Les difficultés de la profession réfléchissent à l’état général des enseignants. Ils sont 18% à dire pour ressentir beaucoup de stress, contre 11% en 2018. Parmi ses sources: réformes, travail administratif ou devoir modifier des leçons pour les étudiants ayant des besoins spéciaux.

C’est également du côté de la formation que leur insatisfaction est exprimée: le nombre de jeunes professeurs de français qui croient qu’ils ont été bien préparés pour la pratique éducative s’élèvent à 50% au collège et à 34% à l’école primaire, en dessous de la moyenne de l’OCDE.

« Nous avons vraiment des échecs en France sur ces questions », a déclaré Eric Charbonnier.

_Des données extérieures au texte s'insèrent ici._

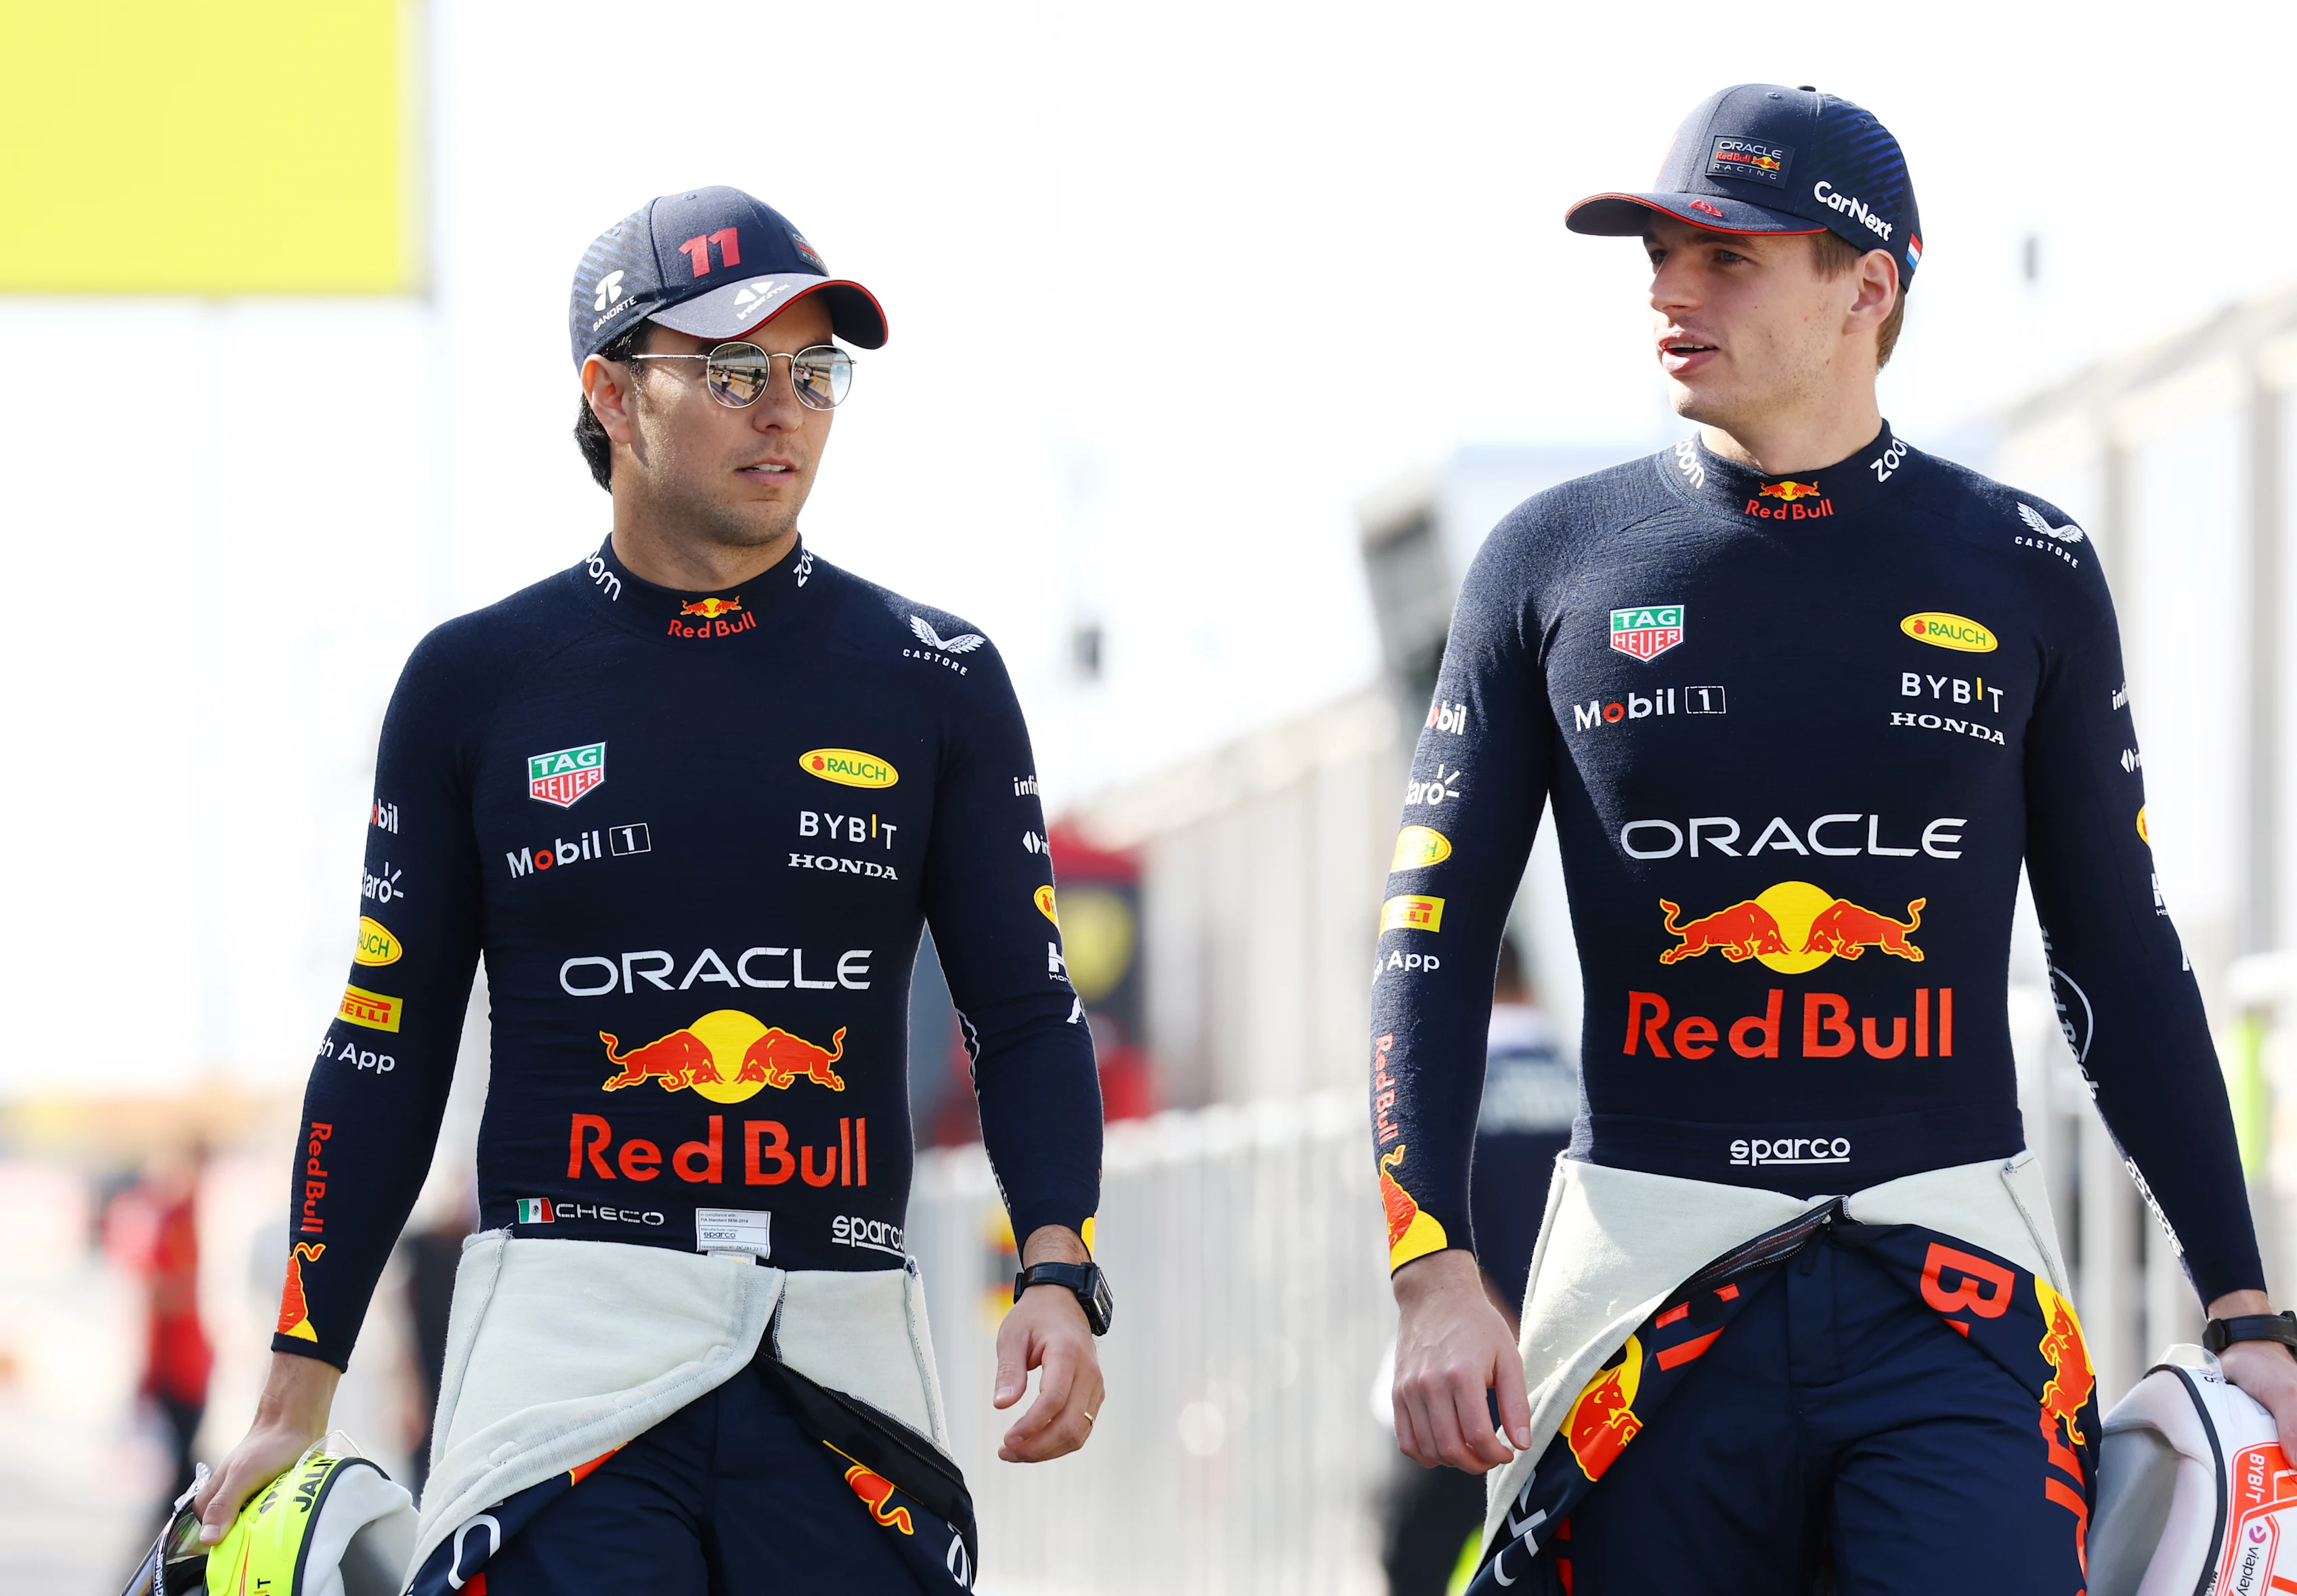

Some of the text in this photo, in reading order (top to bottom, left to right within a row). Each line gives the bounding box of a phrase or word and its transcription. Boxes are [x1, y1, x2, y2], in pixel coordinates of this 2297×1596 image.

Pour lui, la réforme de la formation initiale des enseignants annoncée cette année, qui ramènera les compétitions des enseignants à BAC + 3 au lieu de BAC + 5, « aura un effet sur l’attractivité ». Mais « la formation doit être efficace », a-t-il déclaré.

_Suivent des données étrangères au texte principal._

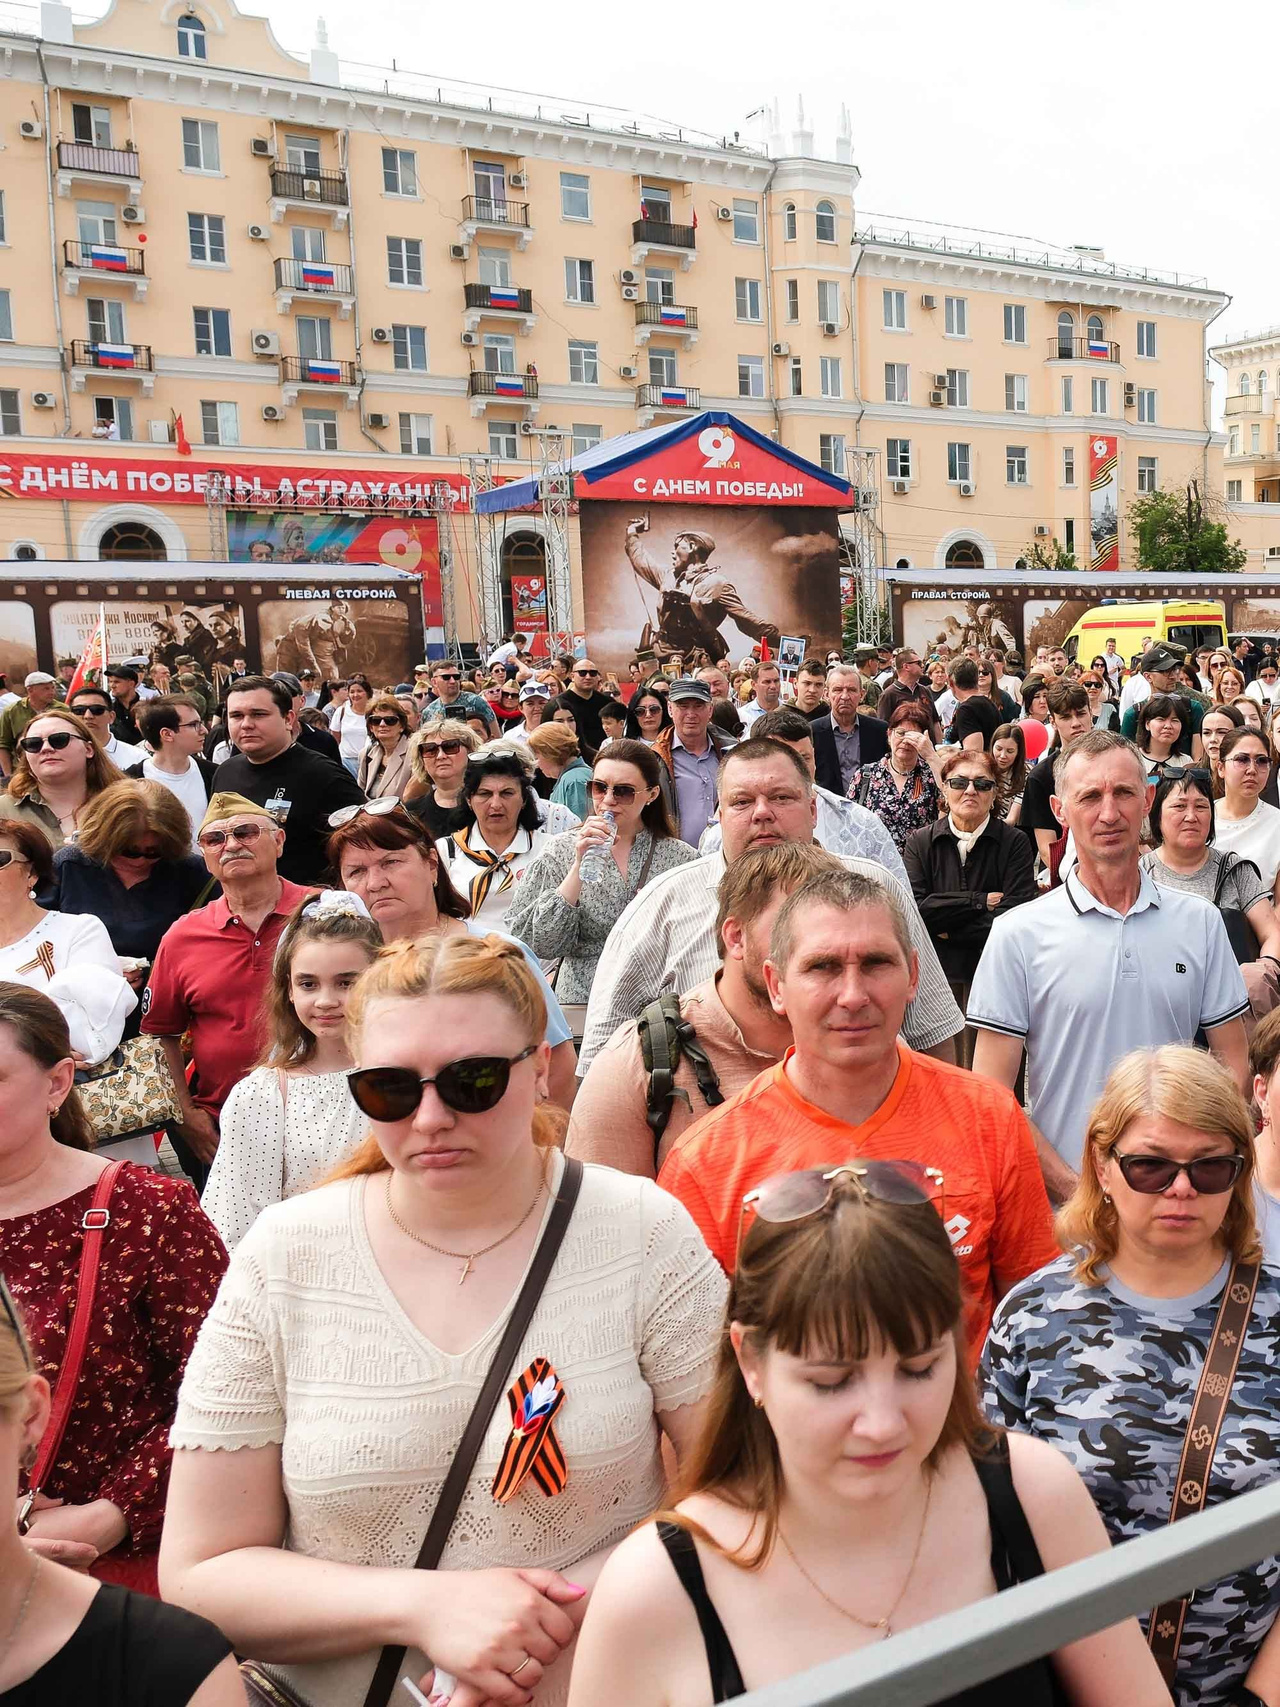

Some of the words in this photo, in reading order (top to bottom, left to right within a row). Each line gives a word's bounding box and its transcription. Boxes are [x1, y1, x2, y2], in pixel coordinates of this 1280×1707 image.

[698, 427, 735, 468] 9
[718, 460, 740, 470] МАЯ
[20, 462, 118, 491] ДНЁМ
[633, 478, 648, 493] С
[653, 479, 711, 496] ДНЕМ
[716, 481, 804, 499] ПОБЕДЫ!
[286, 589, 330, 599] ЛЕВАЯ
[336, 588, 397, 598] СТОРОНА
[911, 590, 947, 599] ПРАВАЯ
[950, 591, 991, 599] СТОРОНА

Enfin, un exemple de formation de formation à s’adapter aux problèmes actuels, seulement 9% des enseignants ont déclaré en 2024 qu’ils avaient été formés sur l’intelligence artificielle au cours des 12 derniers mois.

Last Black Point, le manque de coopération entre les enseignants dans les pratiques pédagogiques en France. Encore une fois, la France est bonne dernière, avec seulement deux heures hebdomadaires consacrées à plein temps au travail d’équipe, contre trois heures en moyenne à l’OCDE et quatre à cinq heures dans certains pays.